Microsoft’s Azure plans also include packaging on-premise applications in virtual machines and allowing them to move from a customer’s data center to the cloud. But that technology won’t be available until later this year, Spitzer said. Overall, TechEd’s cloud announcements are about taking capabilities that exist within customers’ data centers “and making that possible in the cloud as well,” Spitzer said.
“Our job, simply put, is to deliver what customers need to take advantage of cloud computing on their own terms,” Microsoft server and tools president Bob Muglia said in a keynote address. “Microsoft’s strategy is to deliver software, services and tools that enable customers to realize the benefits of a cloud-based model with the reliability and security of on-premises software.” Analysts had predicted Microsoft would reveal more details about Microsoft Azure, the company’s competitor to Amazon’s Elastic Compute Cloud.
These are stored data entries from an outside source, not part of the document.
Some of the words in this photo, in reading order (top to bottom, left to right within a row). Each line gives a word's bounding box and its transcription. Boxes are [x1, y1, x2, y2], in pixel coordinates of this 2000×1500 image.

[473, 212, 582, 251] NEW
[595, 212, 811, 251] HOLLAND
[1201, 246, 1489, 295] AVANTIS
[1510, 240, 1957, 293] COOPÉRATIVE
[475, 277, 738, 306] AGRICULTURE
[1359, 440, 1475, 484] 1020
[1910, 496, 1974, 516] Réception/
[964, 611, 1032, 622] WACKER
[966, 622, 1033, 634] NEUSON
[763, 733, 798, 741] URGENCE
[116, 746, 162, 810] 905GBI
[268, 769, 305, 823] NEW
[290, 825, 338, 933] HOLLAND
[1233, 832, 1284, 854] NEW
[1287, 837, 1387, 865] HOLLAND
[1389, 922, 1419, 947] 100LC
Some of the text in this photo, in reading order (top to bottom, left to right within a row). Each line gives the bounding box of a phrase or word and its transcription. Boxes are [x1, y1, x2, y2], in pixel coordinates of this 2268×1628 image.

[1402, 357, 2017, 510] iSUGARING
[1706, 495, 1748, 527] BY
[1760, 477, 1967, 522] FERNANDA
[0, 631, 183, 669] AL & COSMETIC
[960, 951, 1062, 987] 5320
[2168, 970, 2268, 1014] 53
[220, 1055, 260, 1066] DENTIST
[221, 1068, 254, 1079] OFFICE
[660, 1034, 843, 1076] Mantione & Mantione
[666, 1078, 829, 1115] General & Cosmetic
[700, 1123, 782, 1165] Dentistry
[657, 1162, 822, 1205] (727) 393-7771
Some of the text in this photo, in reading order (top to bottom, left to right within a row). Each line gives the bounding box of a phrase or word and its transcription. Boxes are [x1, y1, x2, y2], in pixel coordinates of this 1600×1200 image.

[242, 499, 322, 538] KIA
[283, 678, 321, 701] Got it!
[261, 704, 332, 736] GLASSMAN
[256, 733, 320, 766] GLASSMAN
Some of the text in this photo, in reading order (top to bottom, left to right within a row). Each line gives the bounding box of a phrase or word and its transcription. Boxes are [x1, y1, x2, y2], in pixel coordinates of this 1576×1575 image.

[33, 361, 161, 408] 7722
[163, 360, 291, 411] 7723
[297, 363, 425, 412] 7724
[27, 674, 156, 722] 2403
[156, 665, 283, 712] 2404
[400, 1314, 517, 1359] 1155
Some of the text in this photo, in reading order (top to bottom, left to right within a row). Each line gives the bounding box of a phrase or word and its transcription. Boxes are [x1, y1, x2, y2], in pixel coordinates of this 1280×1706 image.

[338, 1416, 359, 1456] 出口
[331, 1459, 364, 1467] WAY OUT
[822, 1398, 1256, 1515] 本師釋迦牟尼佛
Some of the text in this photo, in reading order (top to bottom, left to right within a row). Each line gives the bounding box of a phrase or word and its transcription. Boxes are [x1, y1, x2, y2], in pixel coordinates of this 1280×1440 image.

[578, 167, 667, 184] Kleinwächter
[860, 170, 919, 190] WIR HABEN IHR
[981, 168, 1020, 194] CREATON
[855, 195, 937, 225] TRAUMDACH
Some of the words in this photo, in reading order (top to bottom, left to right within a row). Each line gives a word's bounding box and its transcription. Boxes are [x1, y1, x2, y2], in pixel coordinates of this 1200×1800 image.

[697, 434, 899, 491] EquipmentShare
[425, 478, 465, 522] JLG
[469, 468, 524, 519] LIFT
While Amazon focuses primarily on infrastructure-as-a-service offerings, with on-demand access to virtual machines and storage capacity, Spitzer said Microsoft’s goal with Azure is to deliver platform-as-a-service technologies, which let developers build and deploy web applications without any internal hardware and software. In addition to Azure updates, Microsoft announced that it will ship a public beta of Service Pack 1 (SP1) for Windows Server 2008 Release 2 and Windows 7 during July, that Windows Server. AppFabric has been released to manufacturing, that Exchange Server 2010 SP1 is now available as a beta download, and that Bing Maps has a new software development kit allowing creation of apps built on top of Bing Maps and hosted on Bing.com.Microsoft also unveiled the full set of features for Office Communications Server 14, likely to become available in Q4 this year.
“Key new features in OCS 14 include expert search, Office document and application sharing, and one-click meeting access from Outlook, SharePoint and mobile phones, which contribute to the complete unified communications experience that connects people anytime from virtually anywhere,” Microsoft said.